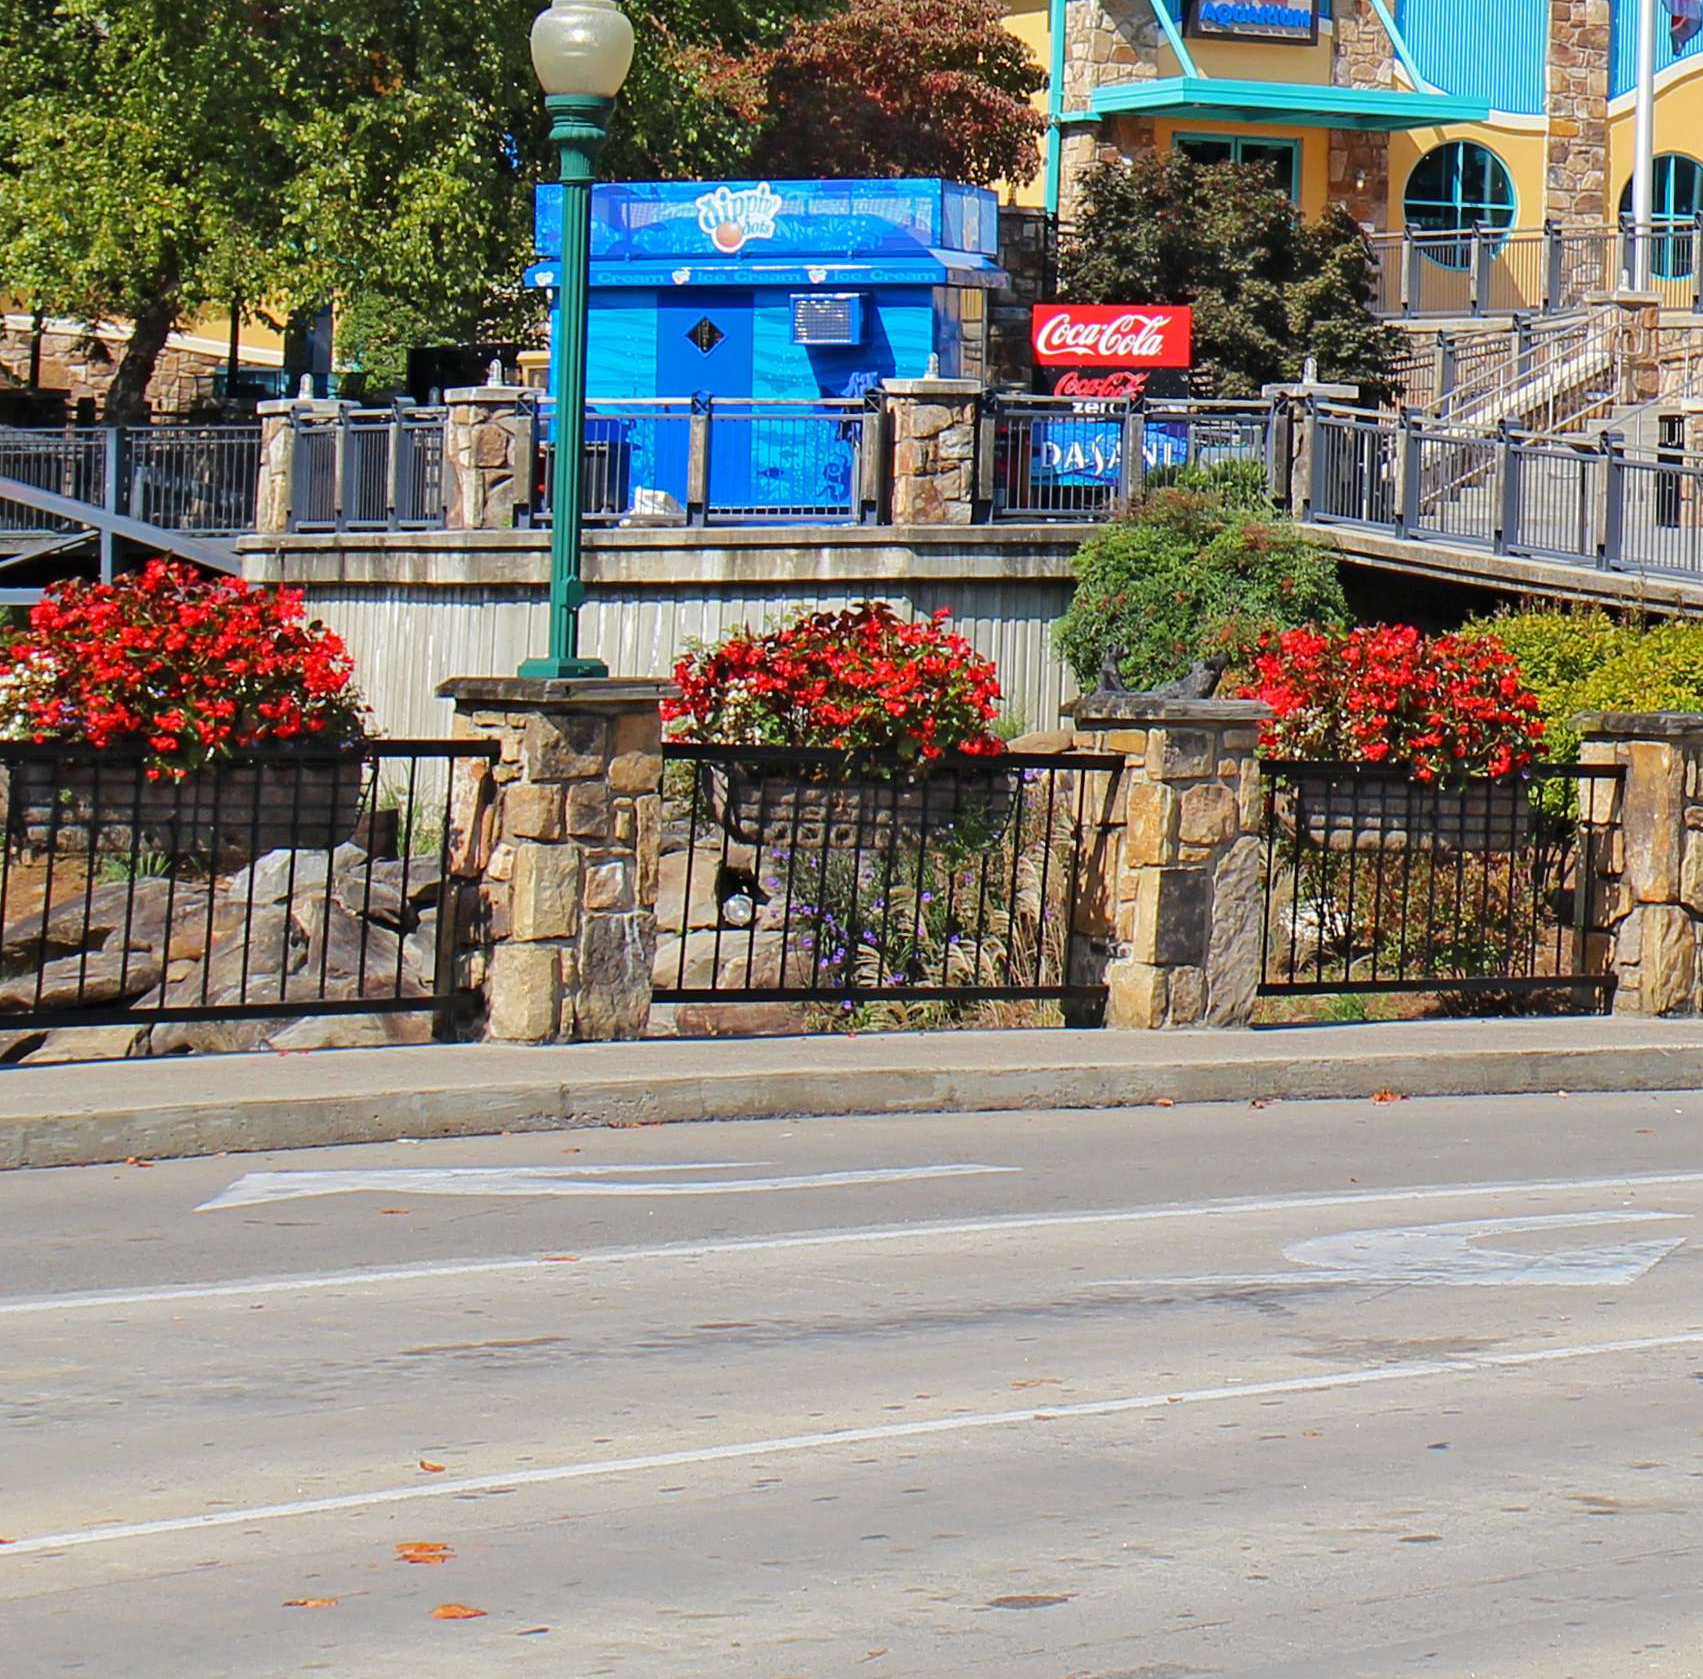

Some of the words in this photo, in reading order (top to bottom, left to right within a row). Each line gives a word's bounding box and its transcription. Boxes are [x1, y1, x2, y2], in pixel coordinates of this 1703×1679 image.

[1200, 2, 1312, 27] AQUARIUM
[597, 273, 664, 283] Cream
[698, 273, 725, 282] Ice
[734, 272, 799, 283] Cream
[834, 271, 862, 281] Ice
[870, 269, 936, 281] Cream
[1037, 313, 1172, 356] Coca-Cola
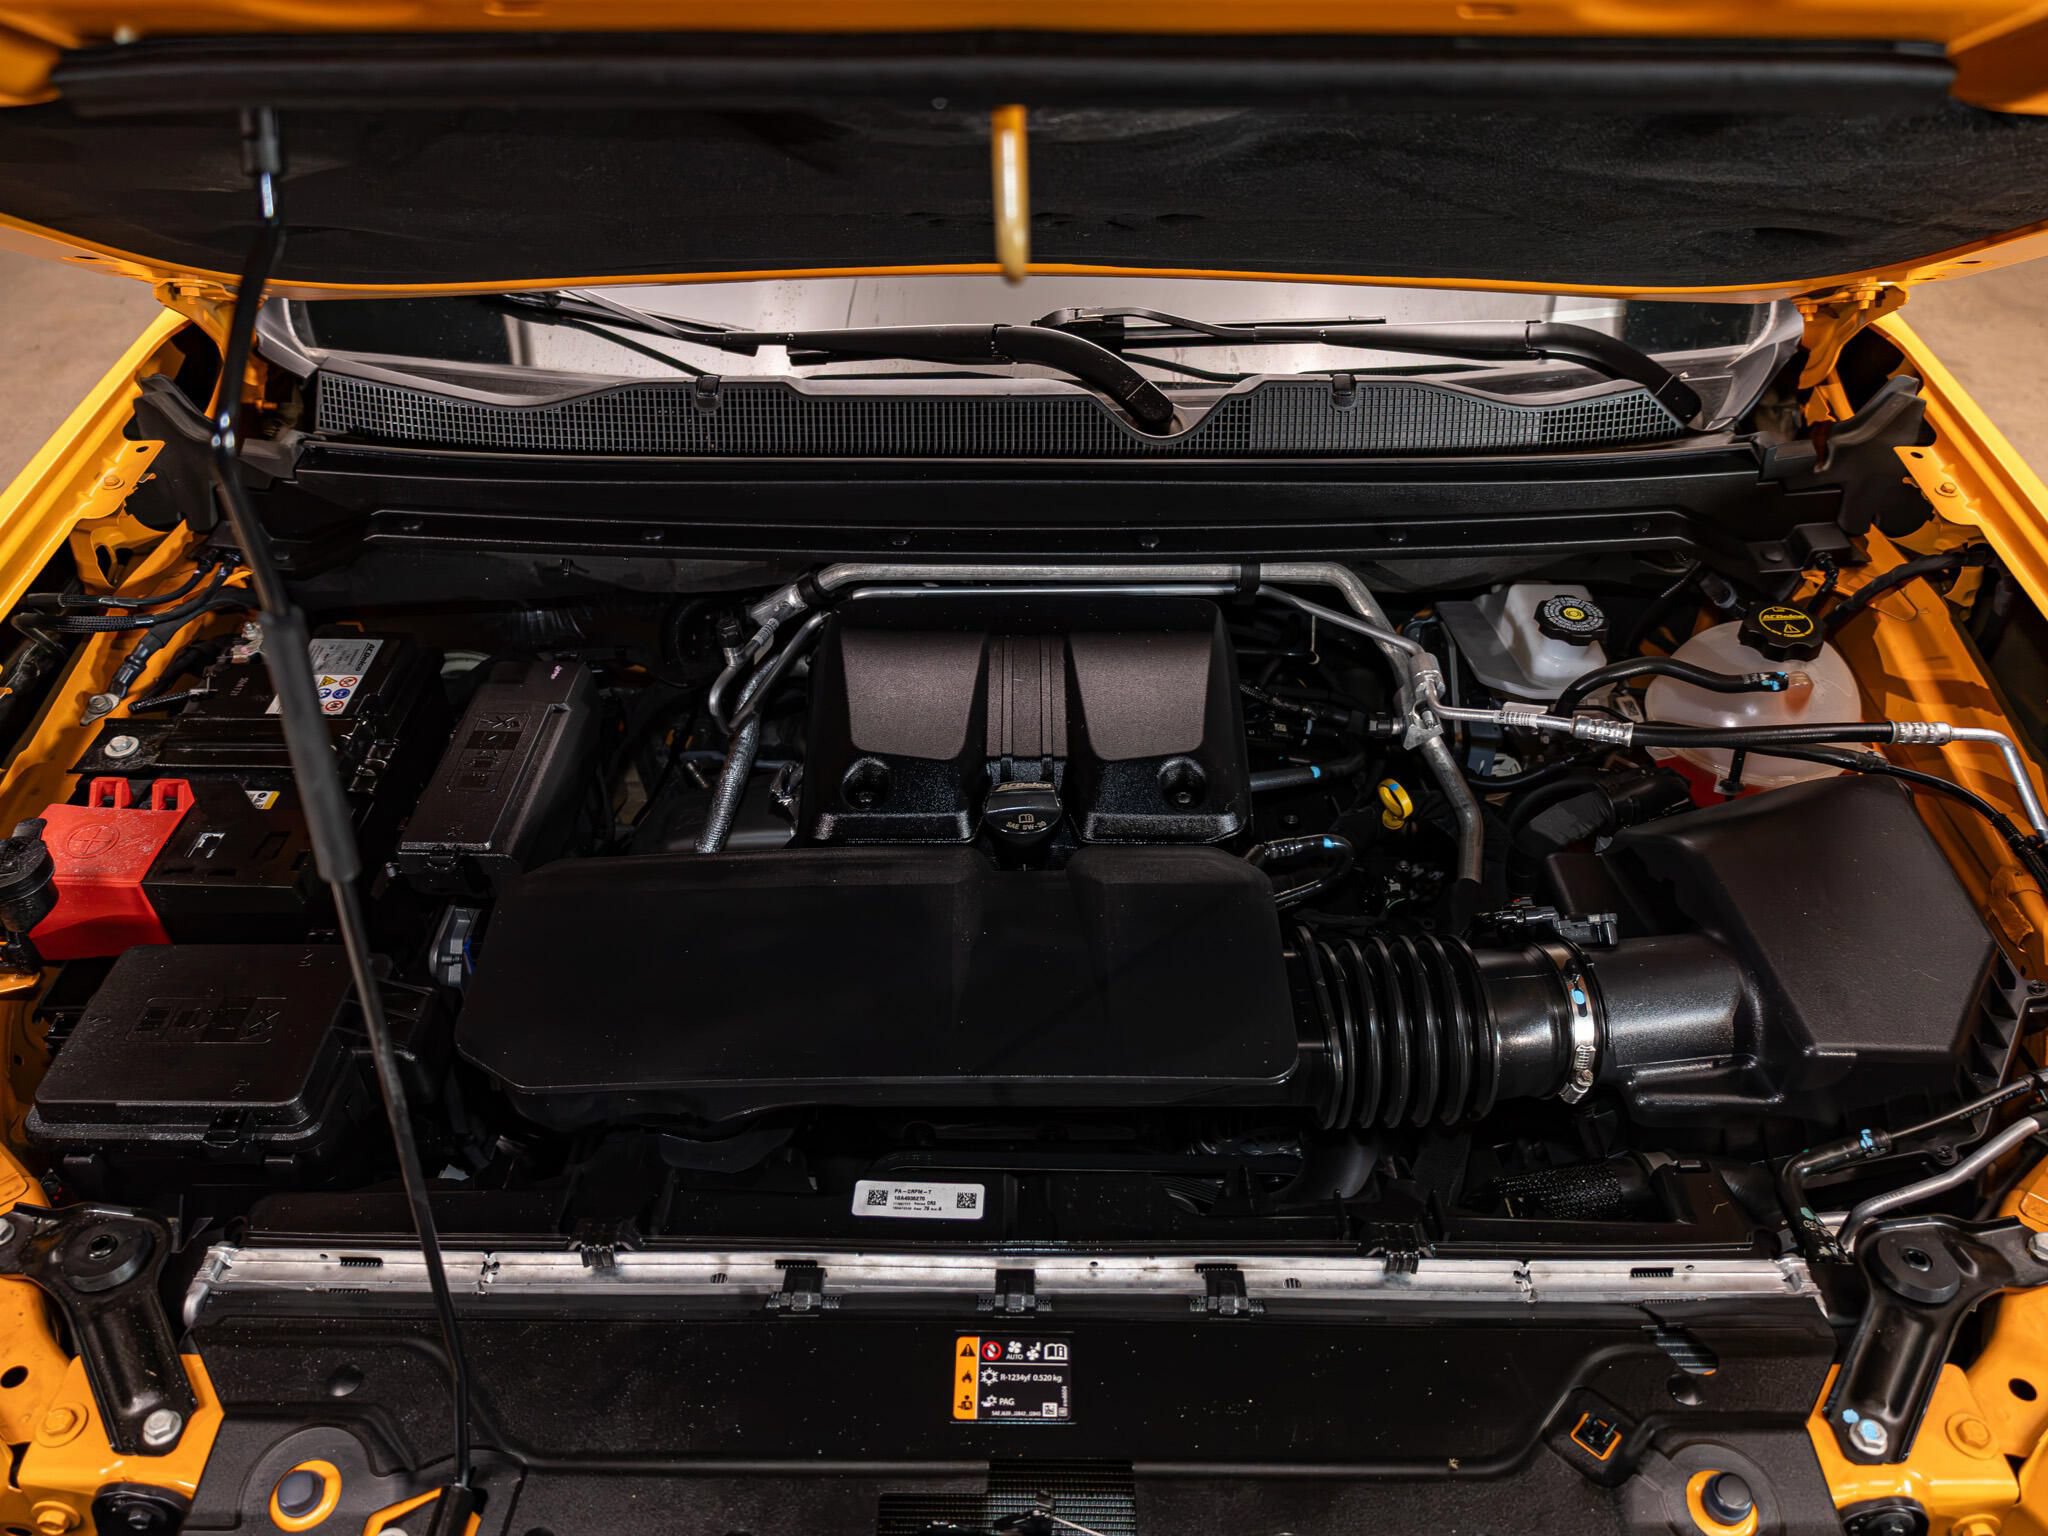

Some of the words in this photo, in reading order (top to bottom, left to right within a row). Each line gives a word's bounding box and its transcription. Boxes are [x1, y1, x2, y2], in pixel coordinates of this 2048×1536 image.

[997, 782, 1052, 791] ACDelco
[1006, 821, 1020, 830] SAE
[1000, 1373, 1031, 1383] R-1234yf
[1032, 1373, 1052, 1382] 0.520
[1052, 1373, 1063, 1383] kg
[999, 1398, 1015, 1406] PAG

========================================

**Task prompt**
Repeat every record above exactly, except the pictures.

**Answer to the exercise**
Some of the words in this photo, in reading order (top to bottom, left to right within a row). Each line gives a word's bounding box and its transcription. Boxes are [x1, y1, x2, y2], in pixel coordinates of this 1703×1679 image.

[1200, 2, 1312, 27] AQUARIUM
[597, 273, 664, 283] Cream
[698, 273, 725, 282] Ice
[734, 272, 799, 283] Cream
[834, 271, 862, 281] Ice
[870, 269, 936, 281] Cream
[1037, 313, 1172, 356] Coca-Cola

Some of the words in this photo, in reading order (top to bottom, left to right within a row). Each line gives a word's bounding box and its transcription. Boxes are [x1, y1, x2, y2], in pixel coordinates of this 2048×1536 image.

[997, 782, 1052, 791] ACDelco
[1006, 821, 1020, 830] SAE
[1000, 1373, 1031, 1383] R-1234yf
[1032, 1373, 1052, 1382] 0.520
[1052, 1373, 1063, 1383] kg
[999, 1398, 1015, 1406] PAG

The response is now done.